··· Exercise input

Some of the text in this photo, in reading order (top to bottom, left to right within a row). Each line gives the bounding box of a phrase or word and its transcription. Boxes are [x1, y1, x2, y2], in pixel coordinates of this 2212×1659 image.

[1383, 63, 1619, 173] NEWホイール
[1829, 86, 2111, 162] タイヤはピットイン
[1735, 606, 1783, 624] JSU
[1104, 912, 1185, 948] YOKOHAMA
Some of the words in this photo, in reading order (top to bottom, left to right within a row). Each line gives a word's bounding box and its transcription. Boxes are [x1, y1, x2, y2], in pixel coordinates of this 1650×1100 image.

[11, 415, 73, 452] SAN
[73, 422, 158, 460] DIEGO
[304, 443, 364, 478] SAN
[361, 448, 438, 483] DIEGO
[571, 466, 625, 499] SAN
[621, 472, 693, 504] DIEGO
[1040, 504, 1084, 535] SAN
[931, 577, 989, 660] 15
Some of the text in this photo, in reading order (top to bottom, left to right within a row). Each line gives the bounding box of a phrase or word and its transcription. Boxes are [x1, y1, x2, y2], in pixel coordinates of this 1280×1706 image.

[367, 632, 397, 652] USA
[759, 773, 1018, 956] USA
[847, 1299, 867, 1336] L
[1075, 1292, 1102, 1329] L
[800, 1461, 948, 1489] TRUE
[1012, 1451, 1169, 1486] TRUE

······

[Task details] The entries need to be set down again in full, with no word changed.

[Output of the task]
Some of the text in this photo, in reading order (top to bottom, left to right within a row). Each line gives the bounding box of a phrase or word and its transcription. Boxes are [x1, y1, x2, y2], in pixel coordinates of this 2212×1659 image.

[1383, 63, 1619, 173] NEWホイール
[1829, 86, 2111, 162] タイヤはピットイン
[1735, 606, 1783, 624] JSU
[1104, 912, 1185, 948] YOKOHAMA
Some of the words in this photo, in reading order (top to bottom, left to right within a row). Each line gives a word's bounding box and its transcription. Boxes are [x1, y1, x2, y2], in pixel coordinates of this 1650×1100 image.

[11, 415, 73, 452] SAN
[73, 422, 158, 460] DIEGO
[304, 443, 364, 478] SAN
[361, 448, 438, 483] DIEGO
[571, 466, 625, 499] SAN
[621, 472, 693, 504] DIEGO
[1040, 504, 1084, 535] SAN
[931, 577, 989, 660] 15
Some of the text in this photo, in reading order (top to bottom, left to right within a row). Each line gives the bounding box of a phrase or word and its transcription. Boxes are [x1, y1, x2, y2], in pixel coordinates of this 1280×1706 image.

[367, 632, 397, 652] USA
[759, 773, 1018, 956] USA
[847, 1299, 867, 1336] L
[1075, 1292, 1102, 1329] L
[800, 1461, 948, 1489] TRUE
[1012, 1451, 1169, 1486] TRUE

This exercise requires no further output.